▶ [Supplied information]
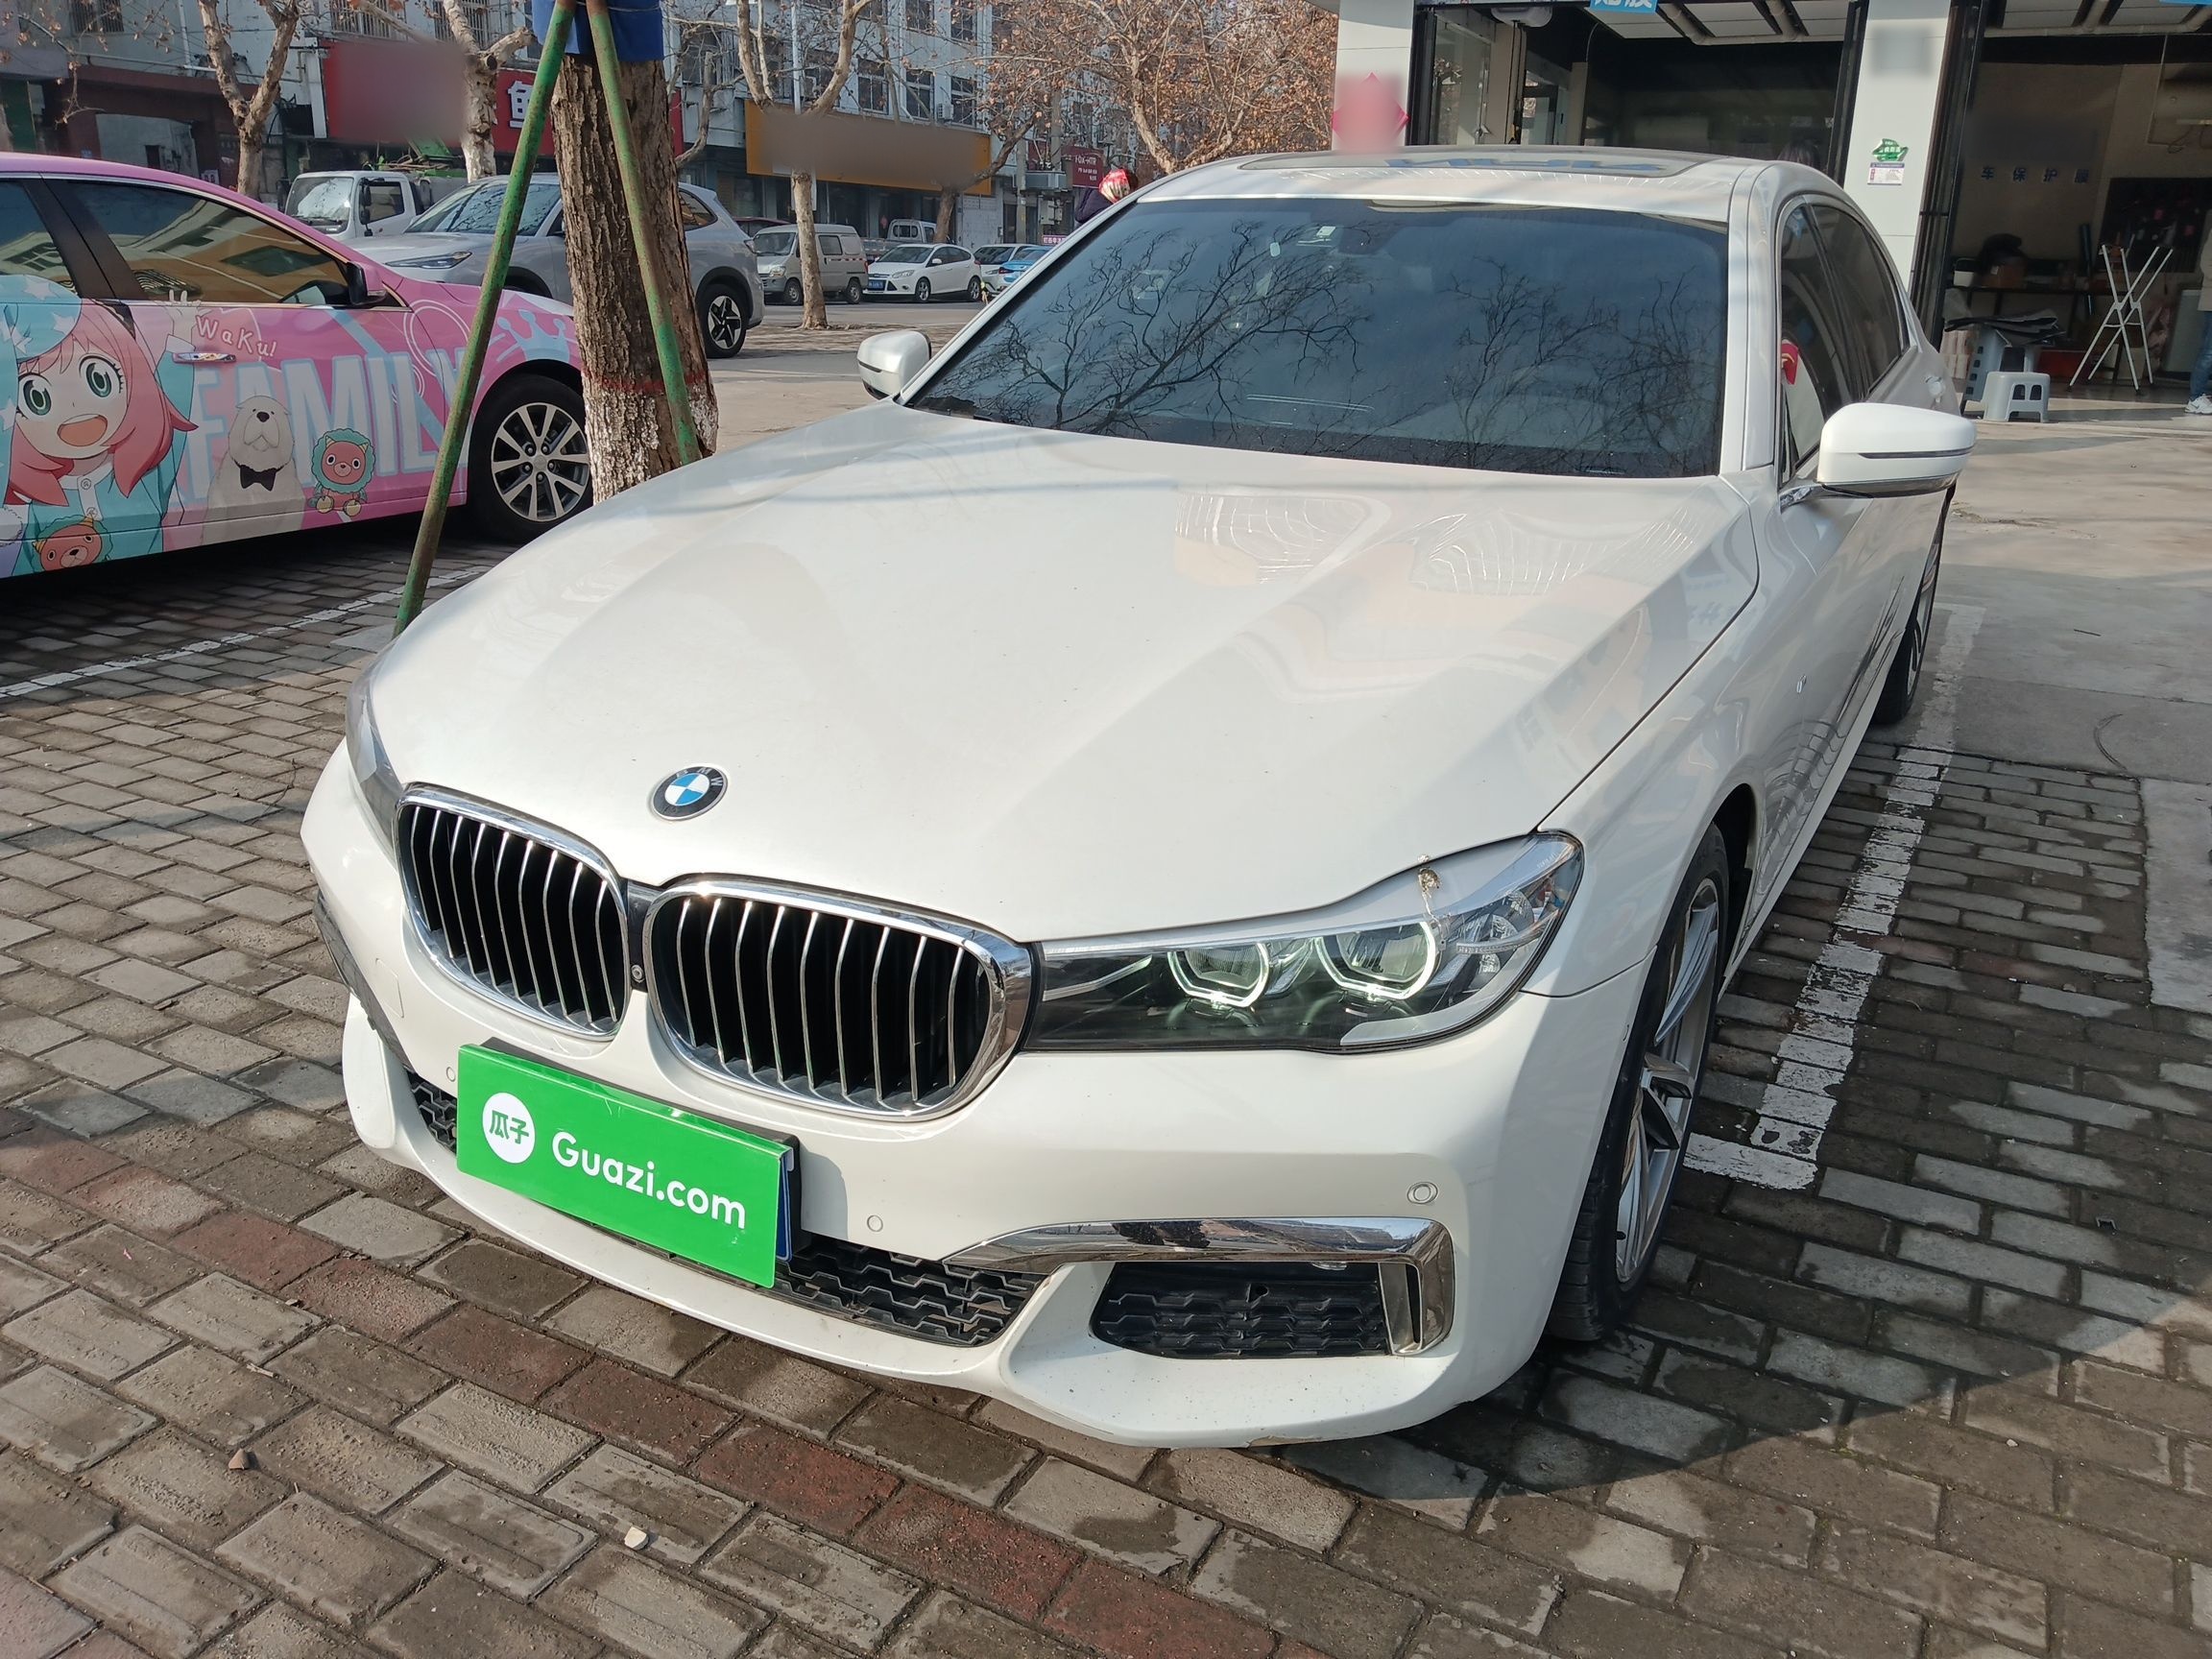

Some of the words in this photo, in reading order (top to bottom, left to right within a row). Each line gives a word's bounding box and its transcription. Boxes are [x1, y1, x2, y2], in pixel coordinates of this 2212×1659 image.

[675, 766, 725, 787] BMW
[489, 1109, 530, 1145] 瓜子
[551, 1130, 746, 1230] Guazi.com
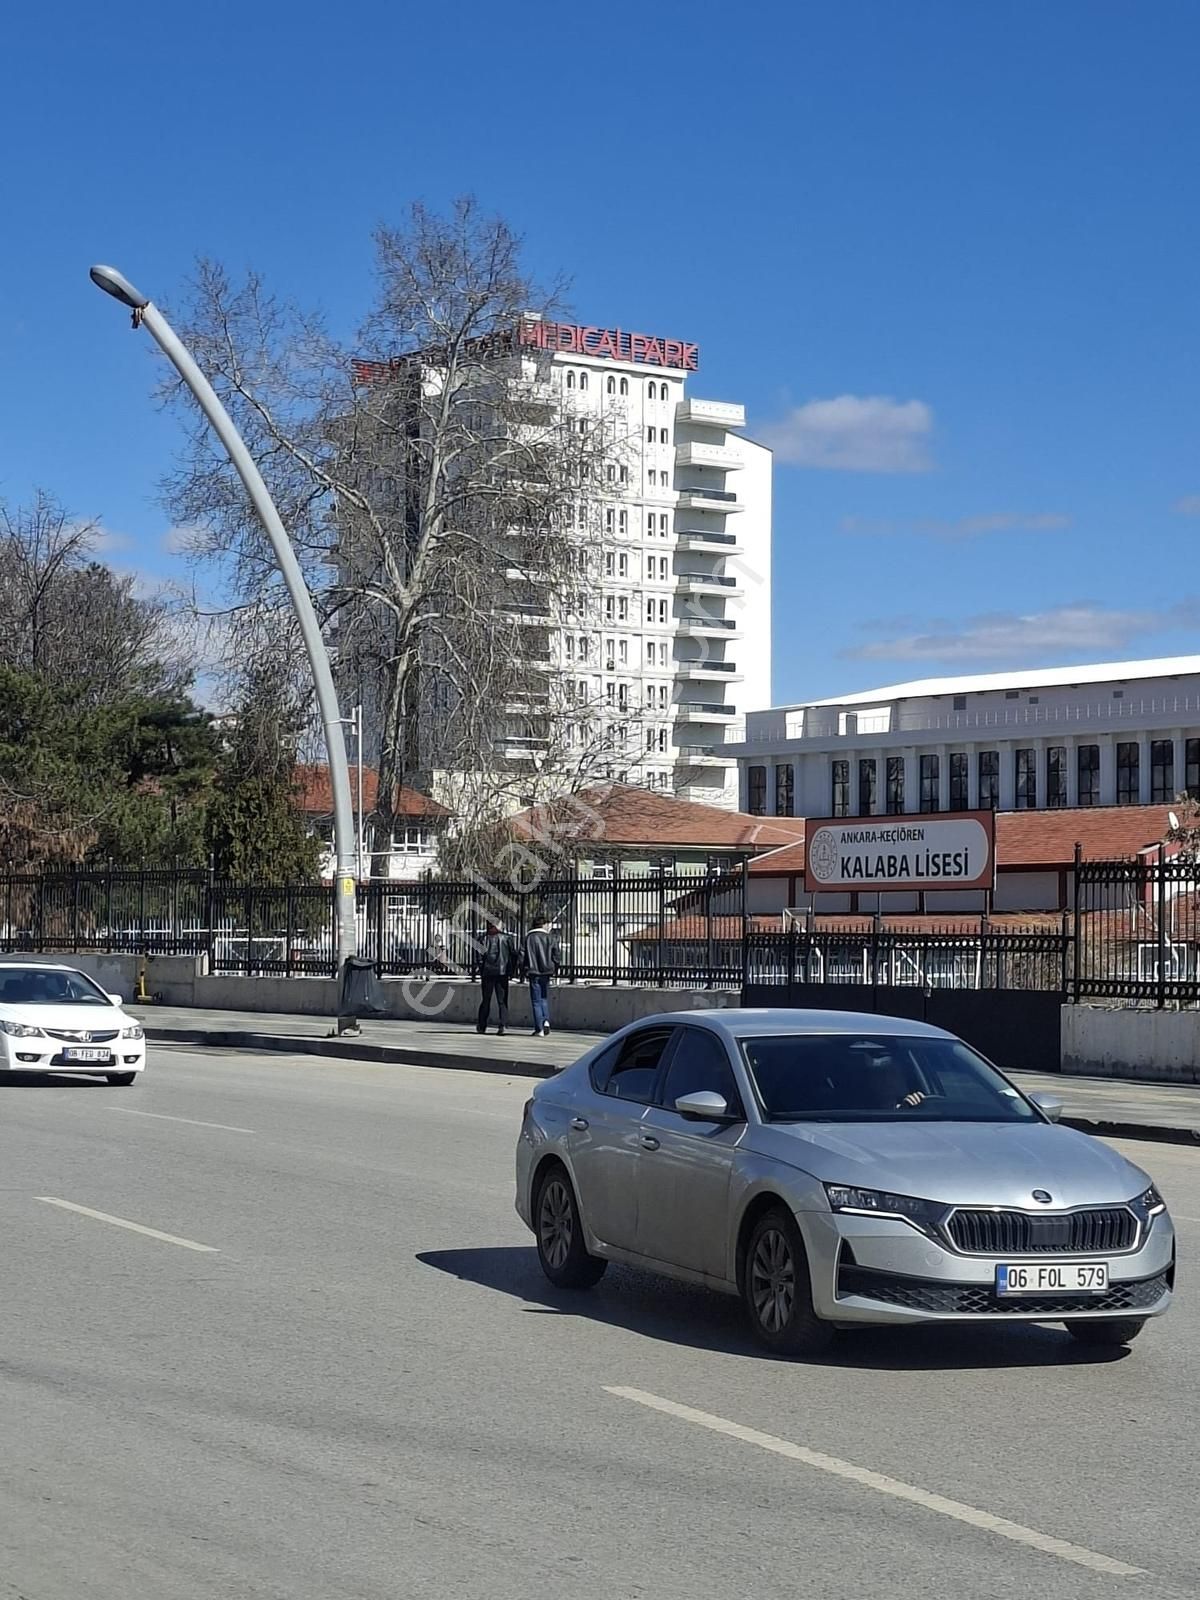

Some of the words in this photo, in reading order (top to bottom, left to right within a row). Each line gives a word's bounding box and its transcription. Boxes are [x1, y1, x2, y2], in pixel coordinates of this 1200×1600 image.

▶ [Work order] A verbatim copy of every record above is required, with all pictures omitted.

▶ [Exercise output]
Some of the words in this photo, in reading order (top to bottom, left to right within a row). Each line gives a word's bounding box and its transcription. Boxes are [x1, y1, x2, y2], in pixel coordinates of this 2212×1659 image.

[675, 766, 725, 787] BMW
[489, 1109, 530, 1145] 瓜子
[551, 1130, 746, 1230] Guazi.com

Some of the words in this photo, in reading order (top to bottom, left to right within a row). Each line gives a word's bounding box and its transcription. Boxes are [x1, y1, x2, y2], in pixel coordinates of this 1200×1600 image.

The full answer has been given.